Speaking with the newspaper after his speech to former veterans at a conference in Reno, Nevada, on Tuesday, Romney reiterated his “commitment to use any means possible to prevent Iran from going nuclear.” He also alluded to strong support for Israel in the face of Iranian threats, promising to “close ranks with those who share our worldview” regarding the dangerous nature of the regime in Tehran.
Israel Hayom is owned by American casino mogul Sheldon Adelson, who has been among the Romney campaign’s biggest donors, pumping tens of millions of dollars into the campaign.
Romney also spoke to Haaretz from London ahead of the visit to Israel, though he was hamstrung by his commitment — a longstanding American political tradition — to not criticize the president while abroad. He promised to offer that same courtesy to Israel in the international arena should he be elected president.

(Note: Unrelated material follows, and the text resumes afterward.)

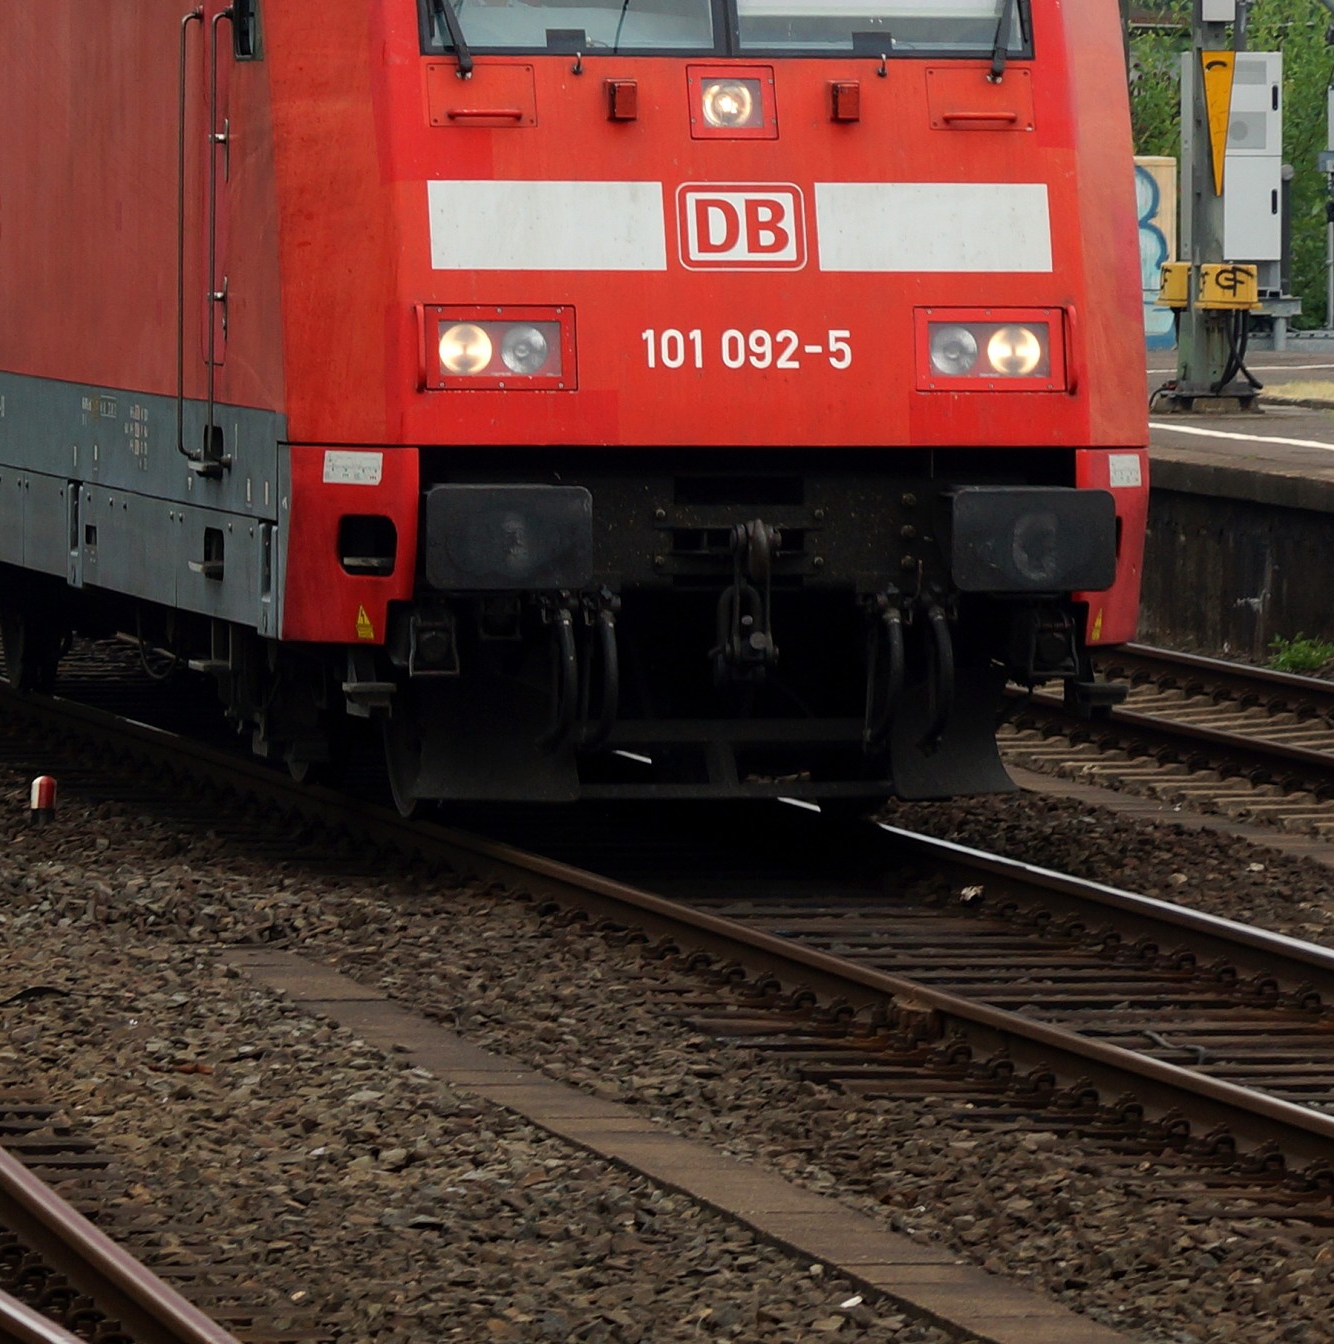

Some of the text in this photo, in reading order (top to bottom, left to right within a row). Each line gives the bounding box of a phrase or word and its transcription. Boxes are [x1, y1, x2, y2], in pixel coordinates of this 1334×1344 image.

“If I will be president, there will be no confrontations between our nations before international institutions,” he said. “There will be no public denouncing of Israel by the U.S. in the UN. Israel’s friendly and unfriendly neighbors will know we stand with you. I believe that is the real way to achieve peace — by working with Israel, not creating distance between Israel and America.”

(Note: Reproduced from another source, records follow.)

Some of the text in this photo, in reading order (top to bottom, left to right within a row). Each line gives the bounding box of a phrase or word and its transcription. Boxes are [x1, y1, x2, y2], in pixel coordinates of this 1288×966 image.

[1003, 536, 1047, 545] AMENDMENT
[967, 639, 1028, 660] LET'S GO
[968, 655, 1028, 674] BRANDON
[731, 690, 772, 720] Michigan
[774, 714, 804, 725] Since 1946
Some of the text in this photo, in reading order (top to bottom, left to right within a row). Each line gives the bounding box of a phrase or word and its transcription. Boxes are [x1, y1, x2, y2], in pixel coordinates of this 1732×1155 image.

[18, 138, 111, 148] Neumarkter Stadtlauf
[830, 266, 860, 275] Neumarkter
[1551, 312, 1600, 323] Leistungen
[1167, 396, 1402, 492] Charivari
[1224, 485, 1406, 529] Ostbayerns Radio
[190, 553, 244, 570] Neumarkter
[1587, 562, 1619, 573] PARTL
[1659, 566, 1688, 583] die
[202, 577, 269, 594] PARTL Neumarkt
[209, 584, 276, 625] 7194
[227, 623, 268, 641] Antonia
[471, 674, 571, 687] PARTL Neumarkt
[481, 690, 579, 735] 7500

Any misunderstandings between a Romney administration and Israel would be handled privately and discreetly, without accusations, he told Israel Hayom.
Romney also called Israel’s 1967 lines “indefensible” and said he would not call on Israel to return to them as part of negotiations with the Palestinians.
“The president has also spoken of returning to 1967 borders – they are indefensible. And acting as a negotiator and usurping the primary role played by Israel in negotiating for its own future is not the right course for America to take,” Romney said.
Obama has come under fire from some pro-Israel groups, especially on the right, after calling for a two-state solution based on the 1967 lines, with agreed-upon land swaps.
Much of Romney’s campaign against Obama’s foreign policy has focused on Israel, and what he sees as the White House’s abandonment of Jerusalem. At one point during the GOP primary, the Republican contender accused Obama of throwing Israel under the bus.
During a speech earlier this week in Reno, Romney castigated Obama for “lecturing Israel’s leaders.”
While Romney told Haaretz he would do everything to stop a nuclear Iran, even standing behind a popular revolution, he seemed more hesitant on the issue of Syria, saying terror groups could use the chaos to seize gains and hinting he would not use US power to intervene as president.
“I think it is important for the responsible nations of the world to seek to understand which forces in Syria represent real change, rather than the kind of destruction that might occur if Al-Qaida were to seize the development of chaos and assert leadership in some significant way in Syria,” he said. “I would hope that nations like Turkey and Saudi Arabia and others would identify responsible voices of dissent within Syria, provide them with the arms they might need to protect themselves and further their cause.”
Romney is expected to arrive in Israel later this weekend, where he will meet with leaders and hold a fundraising dinner.